### WHAT IS REQUIRED
The entries below are to be given back exactly, with images excluded.
### AVAILABLE RECORDS ###
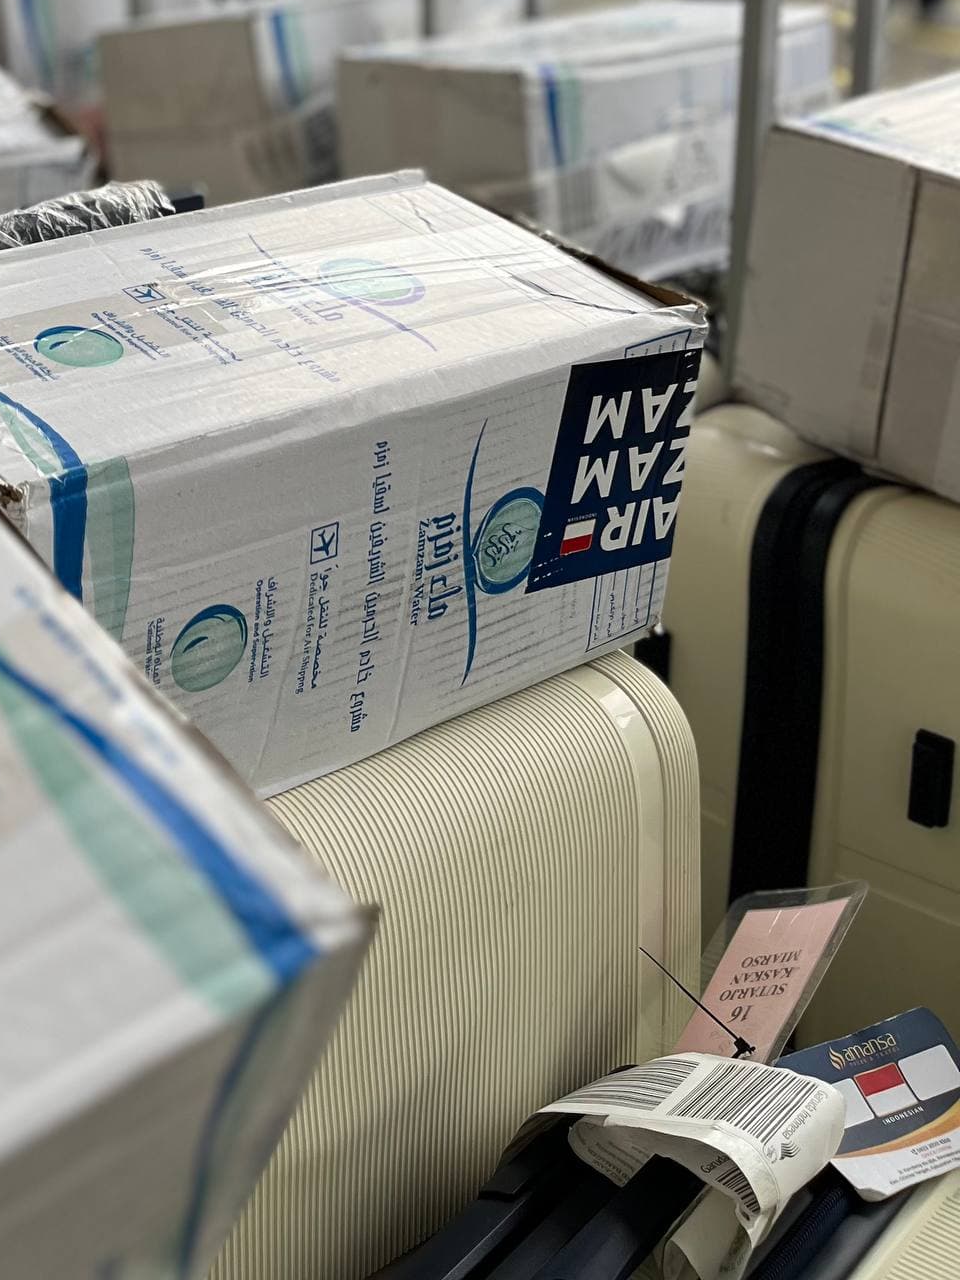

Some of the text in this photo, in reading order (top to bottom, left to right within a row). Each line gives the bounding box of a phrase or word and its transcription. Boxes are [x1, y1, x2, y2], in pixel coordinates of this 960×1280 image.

[570, 436, 689, 505] ZAM
[600, 491, 681, 552] AIR
[350, 440, 392, 733] مشروع خادم الحرمين الشريفين لسقيا زمزم
[410, 518, 430, 626] Zamzam Water
[424, 512, 463, 620] ماء زمزم
[253, 579, 264, 620] Operation
[306, 573, 318, 621] Dedicated
[317, 596, 330, 629] للنقل
[305, 623, 313, 636] for
[259, 632, 274, 678] التشغيل
[311, 631, 329, 689] مخصصة
[729, 966, 793, 985] KASKAN
[741, 949, 802, 969] MIARSO
[719, 983, 788, 1002] SUTARJO
[726, 1005, 754, 1024] 16
[806, 1089, 829, 1112] Garuda
[882, 1105, 924, 1126] INDONESIAN
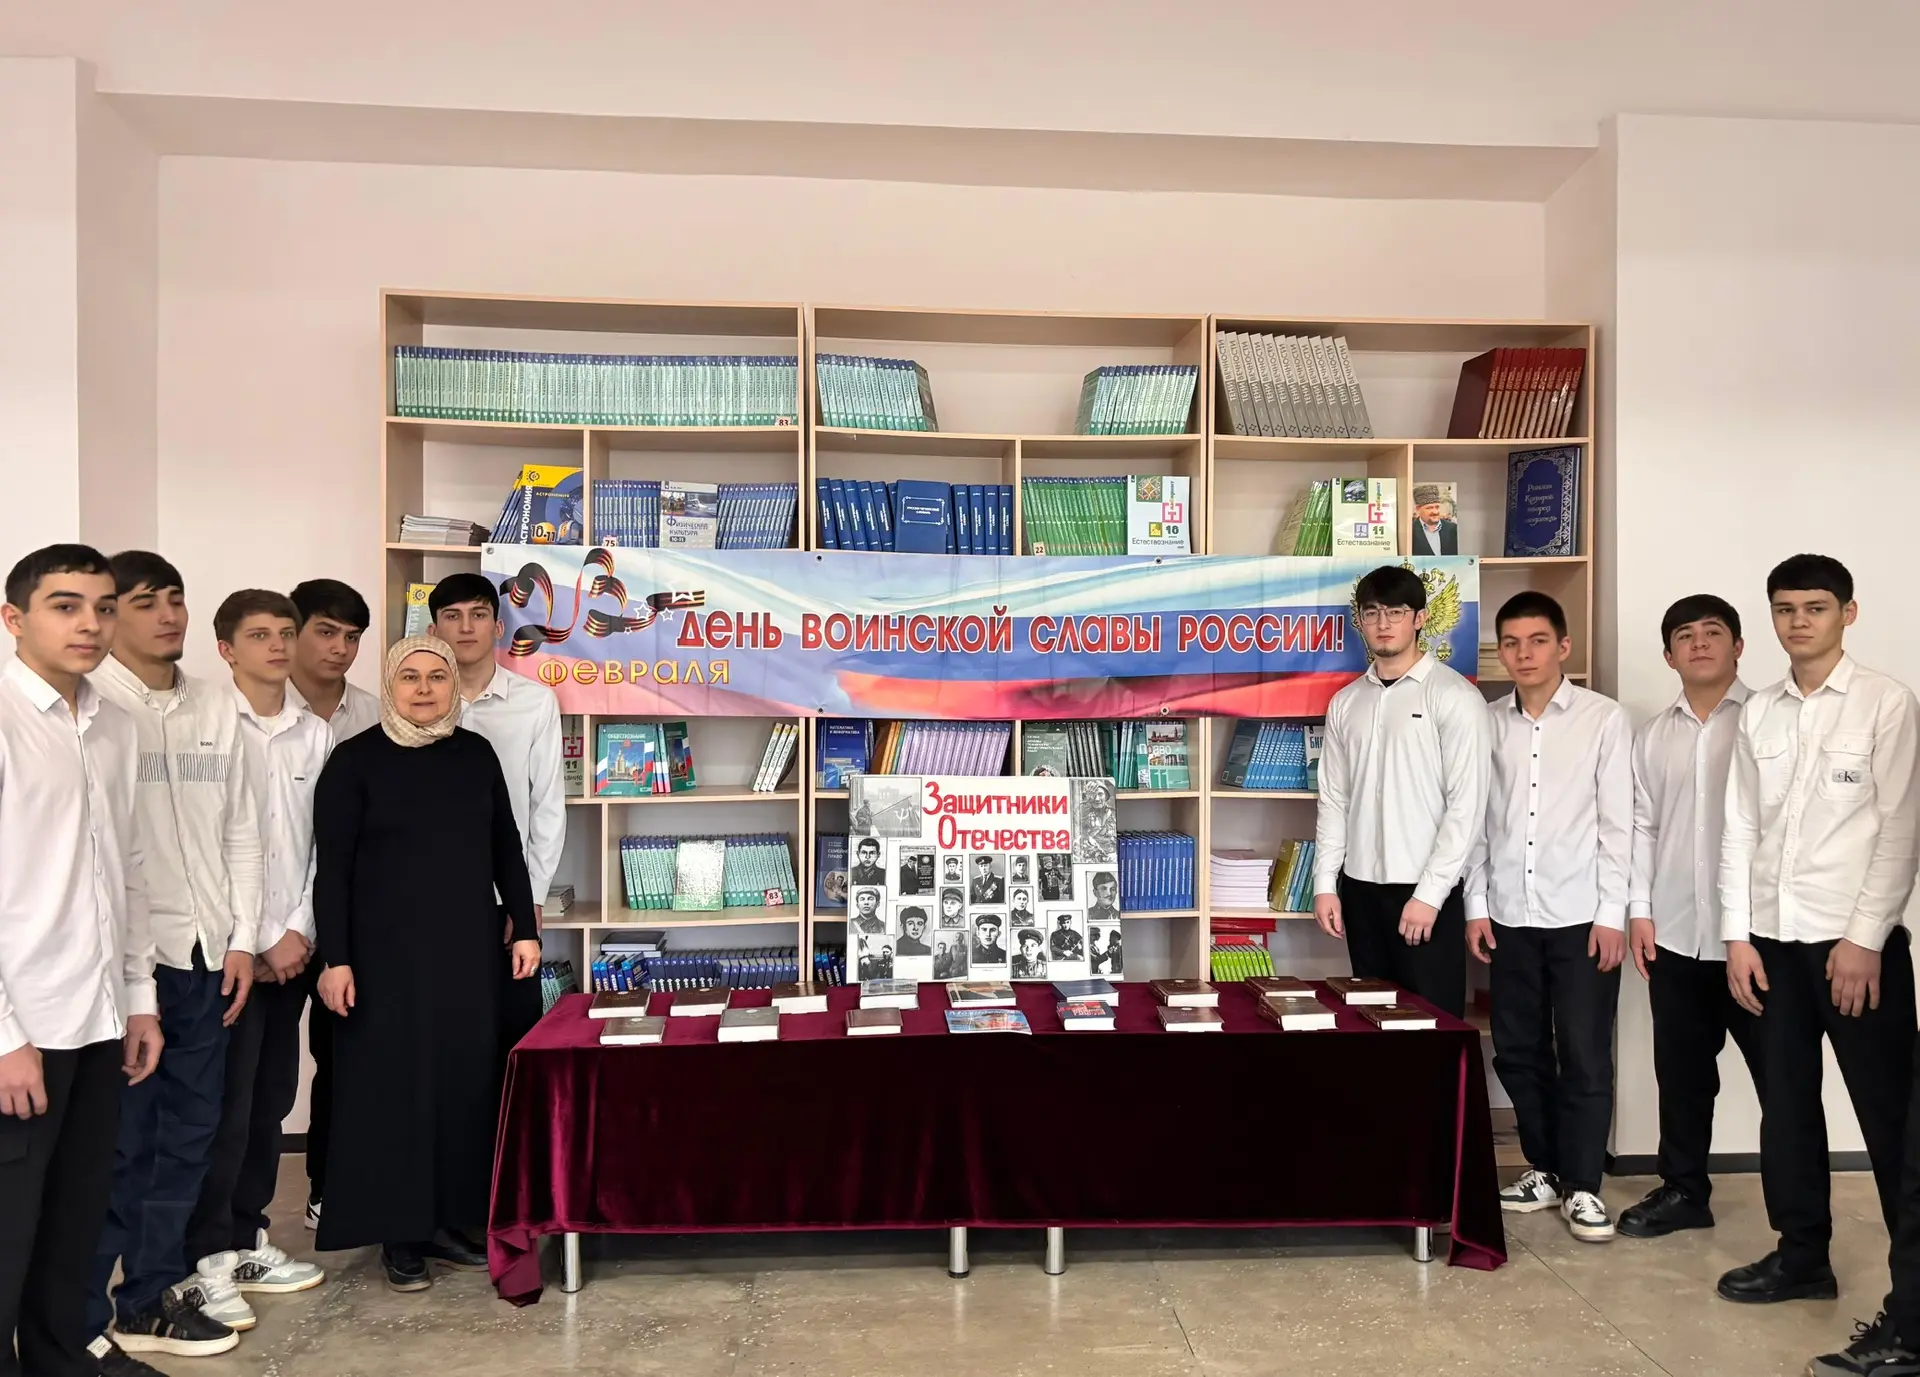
###
### SOLUTION
Some of the text in this photo, in reading order (top to bottom, left to right within a row). Each line gives the bounding box of a phrase or word and its transcription. Boxes are [x1, y1, x2, y2], in pixel coordinates of this 960×1280 image.

[570, 436, 689, 505] ZAM
[600, 491, 681, 552] AIR
[350, 440, 392, 733] مشروع خادم الحرمين الشريفين لسقيا زمزم
[410, 518, 430, 626] Zamzam Water
[424, 512, 463, 620] ماء زمزم
[253, 579, 264, 620] Operation
[306, 573, 318, 621] Dedicated
[317, 596, 330, 629] للنقل
[305, 623, 313, 636] for
[259, 632, 274, 678] التشغيل
[311, 631, 329, 689] مخصصة
[729, 966, 793, 985] KASKAN
[741, 949, 802, 969] MIARSO
[719, 983, 788, 1002] SUTARJO
[726, 1005, 754, 1024] 16
[806, 1089, 829, 1112] Garuda
[882, 1105, 924, 1126] INDONESIAN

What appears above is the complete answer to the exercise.